Firstly, I tried to implement this serde using Avro4s. I got this compiled pretty easily by ensuring that the generic type was context bound to FromRecord
and RecordFrom
, however both FromRecord
and RecordFrom
aren't serializable therefore I can't use this serde in Flink.
Currently, I'm trying a different library shapeless-datatype which also uses shapeless. My current code looks like this:
class Serializer[T : TypeTag : ClassTag] {
//Get type of the class at run time
val inputClassType: Class[T] = classTag[T].runtimeClass.asInstanceOf[Class[T]]
//Get Avro Type
val avroType = AvroType[T]
def serialize(value : T) : Array[Byte] = {
var schema: Schema = null
if (classOf[SpecificRecordBase].isAssignableFrom(inputClassType)) {
schema = inputClassType.newInstance.asInstanceOf[SpecificRecordBase].getSchema
} else {
schema = ReflectData.get().getSchema(inputClassType)
}
val out: ByteArrayOutputStream = new ByteArrayOutputStream()
val encoder: BinaryEncoder = EncoderFactory.get().binaryEncoder(out, null)
var writer: DatumWriter[GenericRecord] = new GenericDatumWriter[GenericRecord](schema)
val genericRecord = avroType.toGenericRecord(value)
writer.write(genericRecord, encoder)
encoder.flush()
out.close()
out.toByteArray
}
def deserialize(message: Array[Byte]) : T = {
var schema: Schema = null
if (classOf[SpecificRecordBase].isAssignableFrom(inputClassType)) {
schema = inputClassType.newInstance.asInstanceOf[SpecificRecordBase].getSchema
} else {
schema = ReflectData.get().getSchema(inputClassType)
}
val datumReader = new GenericDatumReader[GenericRecord](schema)
val decoder = DecoderFactory.get().binaryDecoder(message, null)
avroType.fromGenericRecord(datumReader.read(null, decoder)).get
}
}
So basically I create an AvroType[T]
which has two methods fromGenericRecord
and toGenericRecord
(source).
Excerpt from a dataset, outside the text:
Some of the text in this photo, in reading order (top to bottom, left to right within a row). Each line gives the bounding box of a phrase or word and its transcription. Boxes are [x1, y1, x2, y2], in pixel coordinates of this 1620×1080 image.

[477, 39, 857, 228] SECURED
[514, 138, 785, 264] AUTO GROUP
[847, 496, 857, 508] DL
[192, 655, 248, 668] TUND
Those methods require some implicits: LabelledGeneric.Aux[A, L]
, ToAvroRecord[L]
, tt: TypeTag[A]
and fromL: FromAvroRecord[L]
.
Currently this code gives compile errors due to missing those implicits:
Error:(48, 51) could not find implicit value for parameter gen: shapeless.LabelledGeneric.Aux[T,L]
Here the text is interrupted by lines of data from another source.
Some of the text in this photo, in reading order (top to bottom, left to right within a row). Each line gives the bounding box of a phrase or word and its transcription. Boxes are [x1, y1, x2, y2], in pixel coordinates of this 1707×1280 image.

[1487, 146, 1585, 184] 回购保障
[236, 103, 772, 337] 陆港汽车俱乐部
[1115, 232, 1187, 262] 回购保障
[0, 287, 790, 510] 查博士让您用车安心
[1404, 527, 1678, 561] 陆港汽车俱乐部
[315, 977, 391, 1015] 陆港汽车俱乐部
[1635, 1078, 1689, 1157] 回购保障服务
val genericRecord = avroType.toGenericRecord(value)
Simply overloading the implicits from the toGenericRecord
and fromGenericRecord
methods doesn't solve it because then I need to parameterize serialize[L <: Hlist]
and deserialize[L <: Hlist]
which I can't do because Flink doesn't allow these methods to have types.
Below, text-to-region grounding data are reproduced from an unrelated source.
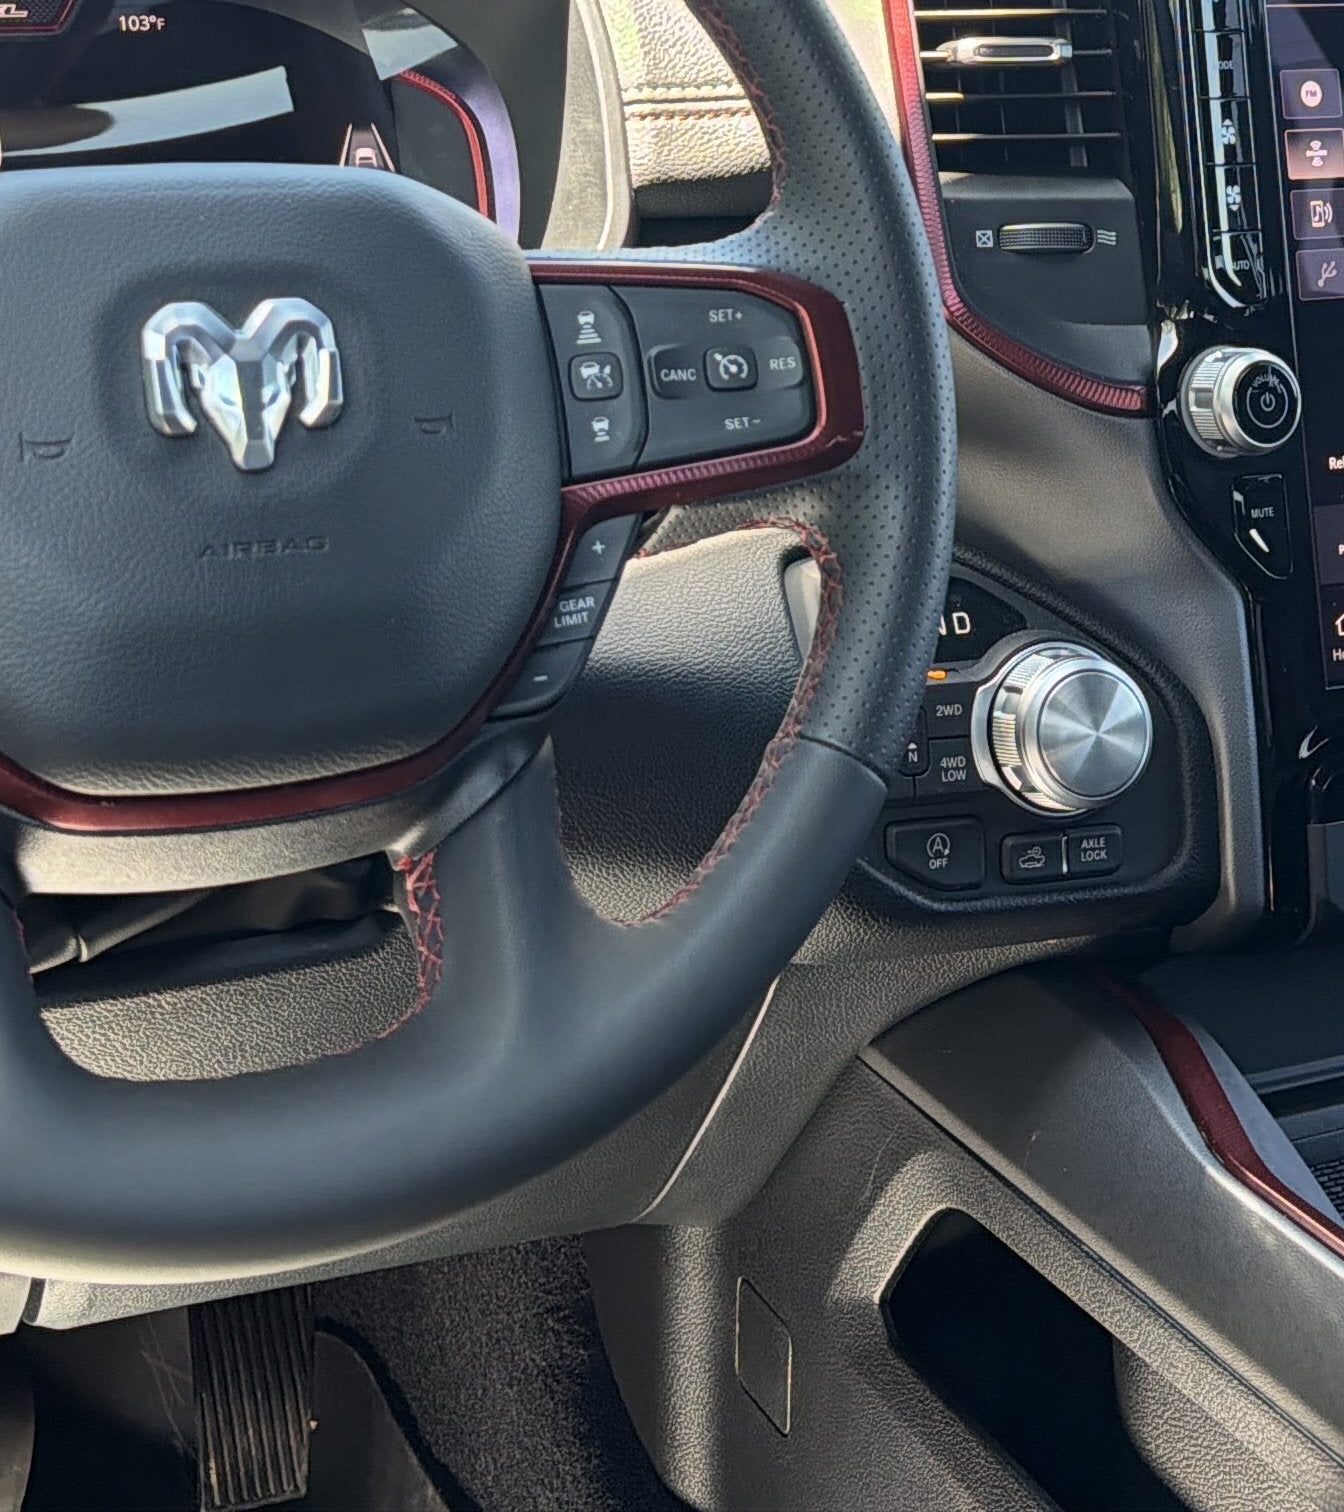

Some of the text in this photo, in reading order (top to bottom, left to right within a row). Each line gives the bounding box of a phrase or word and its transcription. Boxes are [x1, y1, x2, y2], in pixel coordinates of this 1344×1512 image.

[769, 355, 797, 371] RES
[660, 368, 697, 383] CANC
[1251, 506, 1275, 519] MUTE
[199, 535, 330, 559] AIRBAG
[559, 595, 596, 612] GEAR
[554, 611, 590, 628] LIMIT
[952, 611, 972, 635] D
[935, 704, 963, 717] 2WD
[908, 750, 918, 763] N
[940, 756, 967, 768] 4WD
[941, 769, 967, 783] LOW
[1080, 837, 1107, 849] AXLE
[1080, 849, 1107, 862] LOCK
[928, 858, 949, 870] OFF
I have little experience with both shapeless and implicits to understand which context bounds I need to solve this, while also keeping this class serializable.
Hope someone can help or point me to some useful resources.
Thanks, Wouter
EDIT
I can't pass implicits through the methods nor make them parametrized, since I need to base the serde on serialization interfaces of Flink, which forces me to override: byte[] serialize(T element)
and T deserialize(byte[] message)
If I try to pass the implicit to the class itself, I would need to change it to:
class Serializer[T : TypeTag : ClassTag, L <: HList](implicit gen: LabelledGeneric.Aux[T, L], toL: ToAvroRecord[L], fromL: FromAvroRecord[L])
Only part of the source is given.